Record excerpts
————————

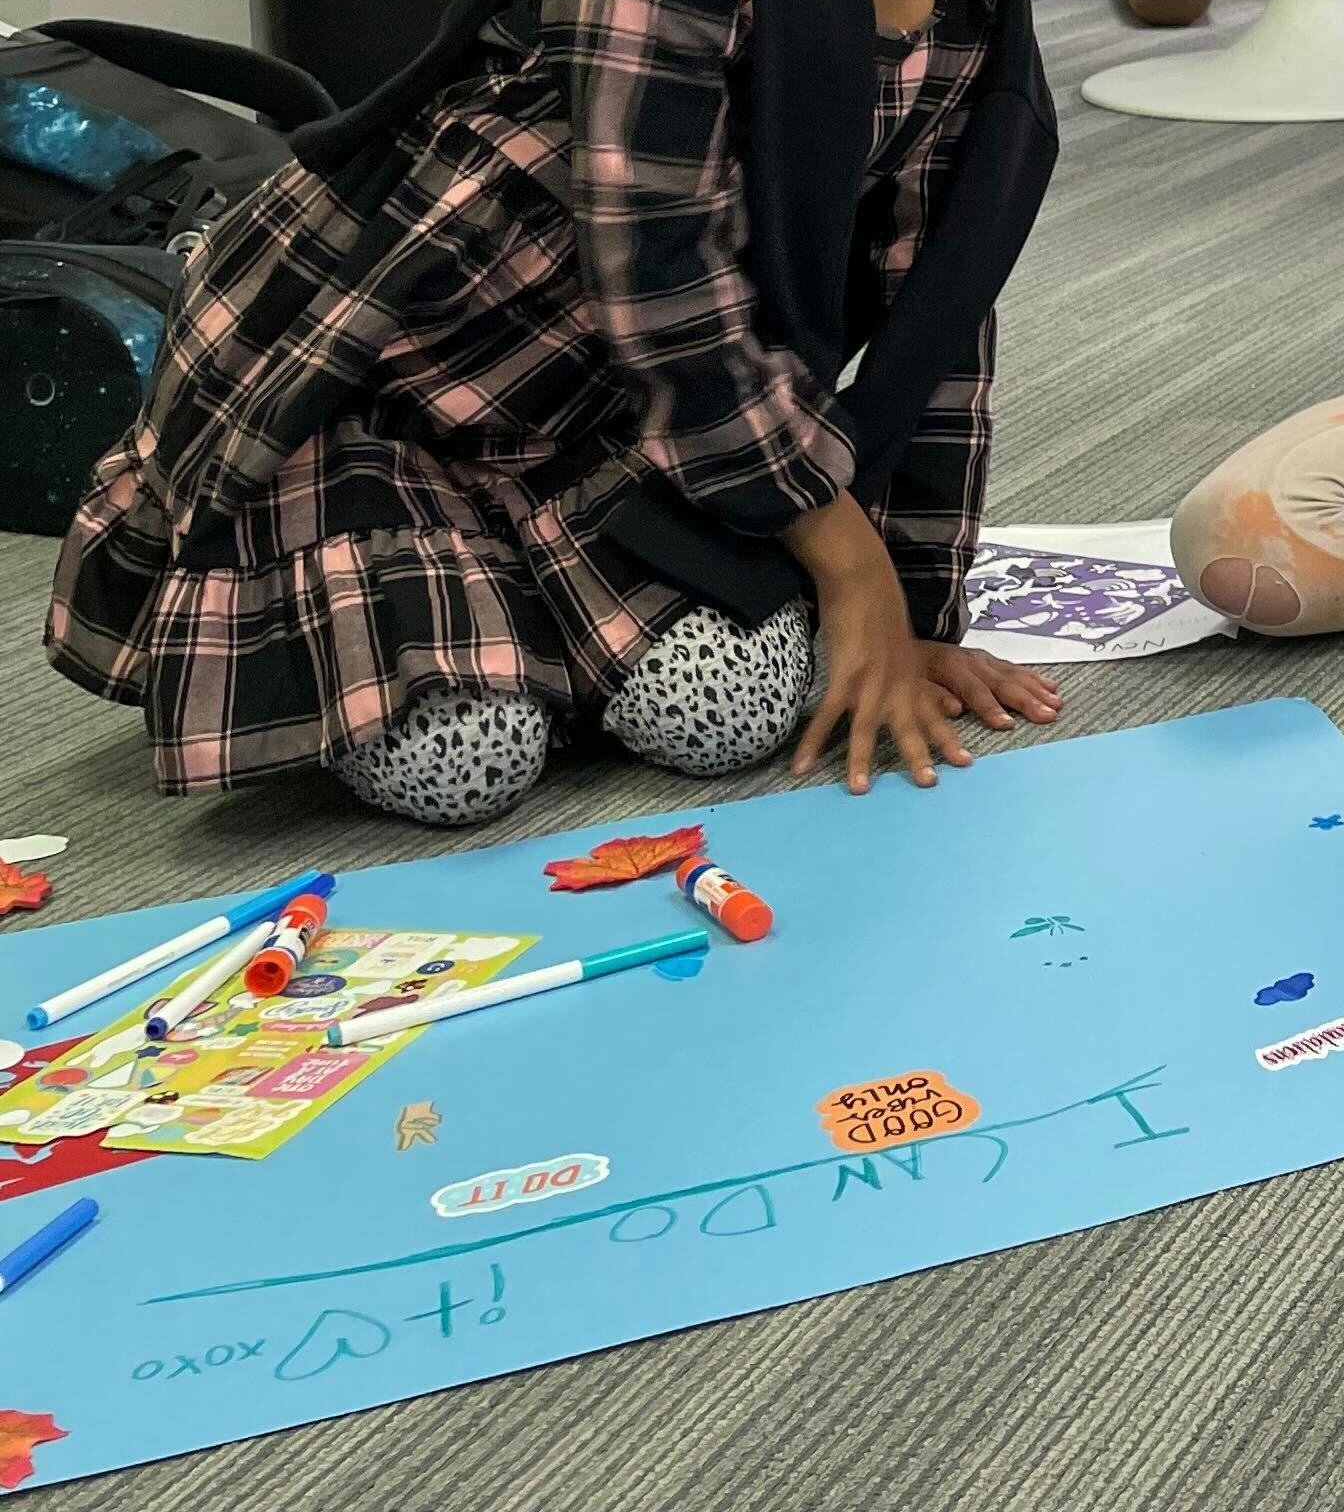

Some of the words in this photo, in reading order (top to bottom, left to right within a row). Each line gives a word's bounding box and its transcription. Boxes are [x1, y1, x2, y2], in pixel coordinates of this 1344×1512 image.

[847, 1100, 963, 1144] GOOD
[462, 1177, 509, 1209] IT
[522, 1162, 584, 1194] DO
[608, 1184, 778, 1244] DO

————————

Task prompt
Leave the pictures aside and output each entry exactly as it stands.

Exercise answer
Some of the words in this photo, in reading order (top to bottom, left to right within a row). Each line gives a word's bounding box and its transcription. Boxes are [x1, y1, x2, y2], in pixel coordinates of this 1344×1512 image.

[847, 1100, 963, 1144] GOOD
[462, 1177, 509, 1209] IT
[522, 1162, 584, 1194] DO
[608, 1184, 778, 1244] DO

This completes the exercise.